Когда они были вместе, они часто разговаривали, сначала стесненно, с взаимными выпадами, как это характерно для незнакомых людей, брошенных в жестокие волны обстоятельств и пытающихся выжить. Они старались создать нормальные условия там, где не оставалось почти никаких шансов на существование, но это было проще, чем ситуации, когда оба допускали существенные отклонения от обычных правил: когда было нечего сказать о чем-либо, не относящемся к происходящим событиям. И такие ситуации возникали именно в те моменты, когда темы для разговоров, затрагивающих конкретные дела, временно истощались и наступали паузы, которые становились подобием трамплина, ведущего к словам и мыслям иного содержания.
Именно в эти моменты Джейсон узнавал разного рода факты из прошлого женщины, которая спасла ему жизнь. Внутренне Борн не был согласен с ее заявлением, что она знает о нем значительно больше, чем он сам, но в то же время констатировал тот факт, что ничего не знает о ее жизни.
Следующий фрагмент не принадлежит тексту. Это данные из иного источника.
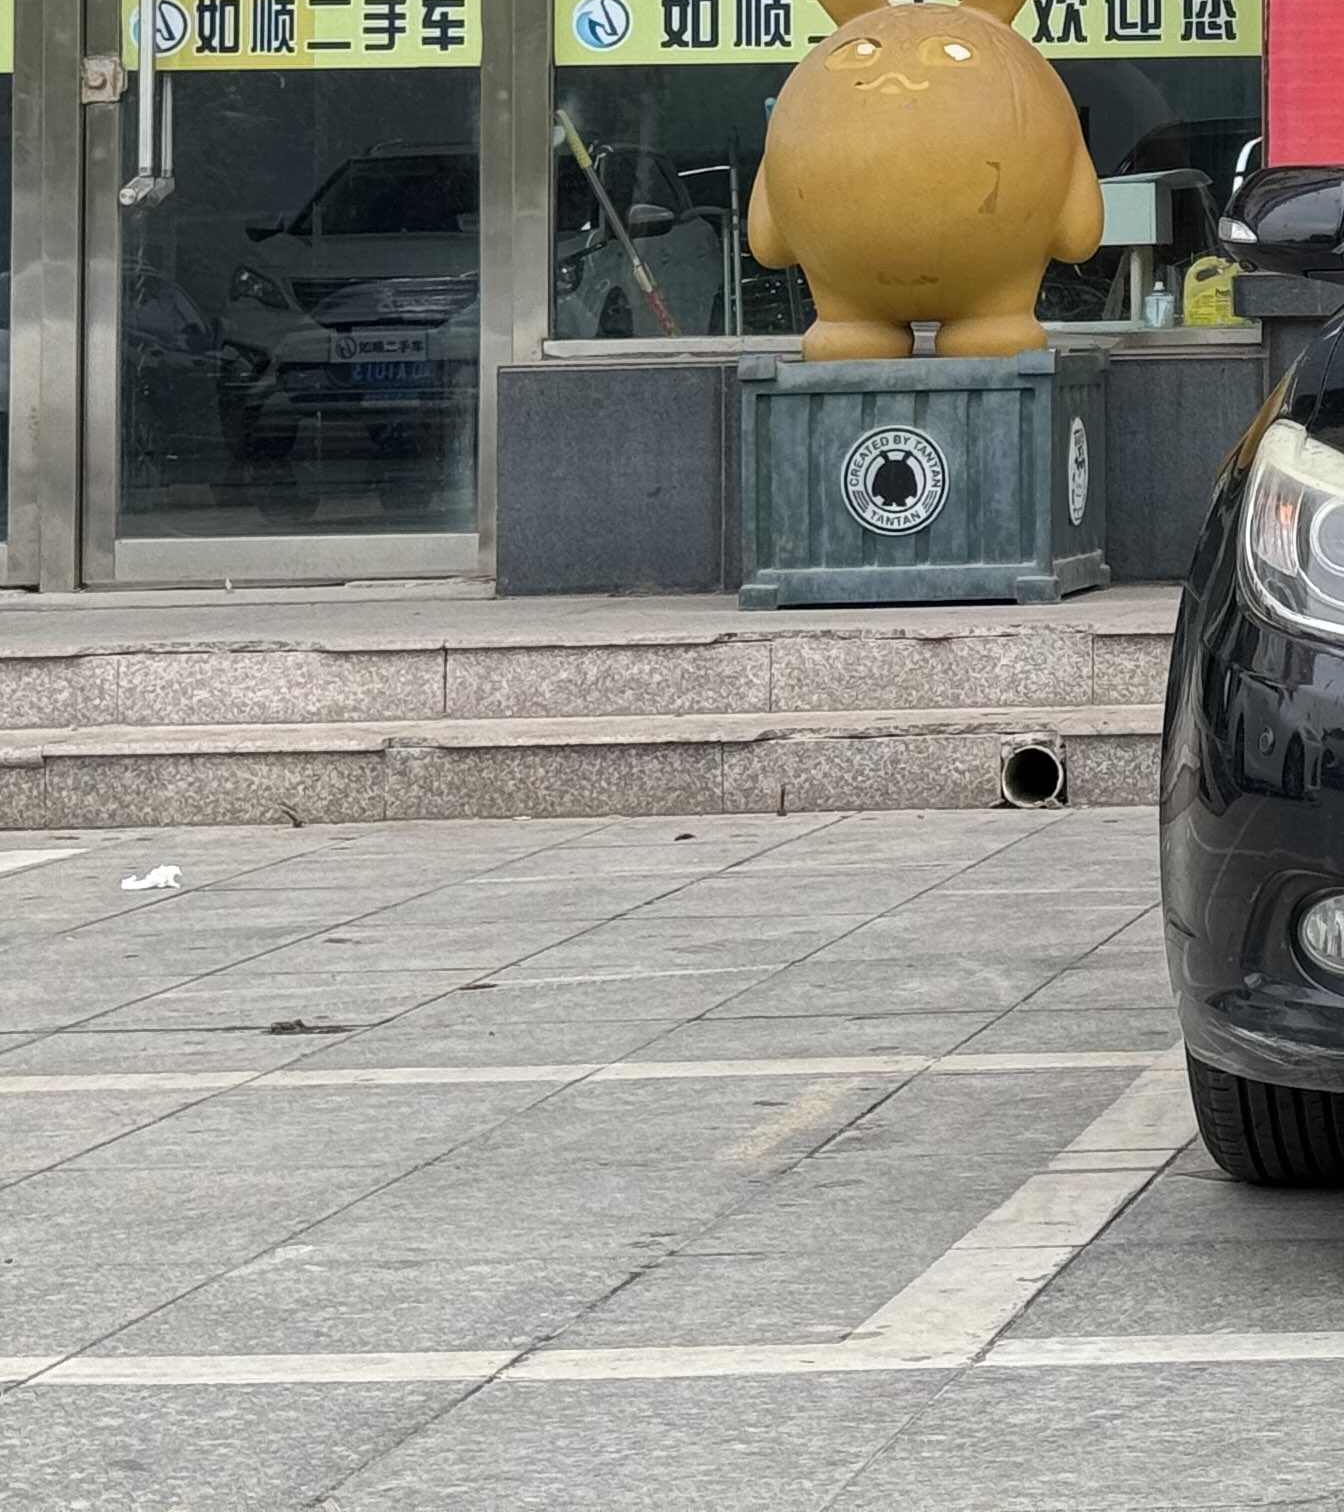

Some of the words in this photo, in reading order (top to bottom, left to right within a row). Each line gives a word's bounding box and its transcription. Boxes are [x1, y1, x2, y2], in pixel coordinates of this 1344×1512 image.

Откуда она появилась? Почему такая привлекательная женщина с темно-рыжим цветом волос и рыжеватым оттенком кожи, несомненно, воспитывавшаяся в детстве на какой-нибудь ферме, захотела стать доктором экономических наук.
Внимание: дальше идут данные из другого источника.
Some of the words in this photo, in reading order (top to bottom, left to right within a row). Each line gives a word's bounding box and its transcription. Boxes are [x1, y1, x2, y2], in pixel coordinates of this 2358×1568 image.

– Потому что она устала от фермы! – воскликнула Мари.
– Вы шутите? Действительно ферма?
– Да, ферма. Очень маленькая, по сравнению с огромными фермами в Альберте. Когда мой отец был молодым и люди шли на Запад покупать землю, существовали неписаные ограничения: нельзя было конкурировать с вышестоящими по положению. Отец часто говорил, что если бы его имя было Сен-Джеймс, а не Сен-Жак, то он стал бы более самостоятельным человеком в наше время.
– Он фермер?
Мари рассмеялась.
– Нет, он был бухгалтером, который стал фермером, точно так же, как во время войны стал пилотом бомбардировщика. Отец был пилотом Канадских королевских военно-воздушных сил. Я всегда полагала, что раз он видел небо не с земли, а с самолета, то бухгалтерская контора после этого должна была показаться ему мышиной норой.
– Да, это требует нервного напряжения.
– Больше, чем вы думаете.
– Мне кажется, что я могу его понять.
– Возможно.
Мари жила в Калгари с родителями и с двумя братьями до восемнадцати лет, когда поступила в Монреальский университет и вступила в жизнь, о которой никогда не помышляла. Равнодушная к занятиям ученица, прежде отдававшая предпочтение скачкам на лошадях вместо скучных занятий в школе при женском монастыре, открыла в себе тягу к знаниям.
– На самом деле это было очень просто. Я смотрела на книги как на естественных врагов, и вдруг попала в окружение людей, которые преуспели во всем этом. Кругом были разговоры. Разговоры днем, разговоры ночью, разговоры на лекциях, семинарах и в переполненных кафе за кружкой пива. Я думаю, что эти-то разговоры и приохотили меня к занятиям. Вам знакомо что-то подобное?
– Я не могу вспомнить, но понять, пожалуй, смогу. У меня не сохранилось воспоминаний о годах учебы, я не могу сейчас вспомнить ни колледжа, ни друзей, но я абсолютно уверен, что прошел через все это. – Он улыбнулся. – Долгие беседы за кружкой пива – довольно эмоциональное времяпрепровождение.
Мари тоже улыбнулась.
– Я и сама достаточно эмоциональна в подобном окружении. Своенравная девица из Калгари, привыкшая к конкуренции со стороны двух старших братьев, которая может выпить пива гораздо больше, чем многие студенты в Монреале.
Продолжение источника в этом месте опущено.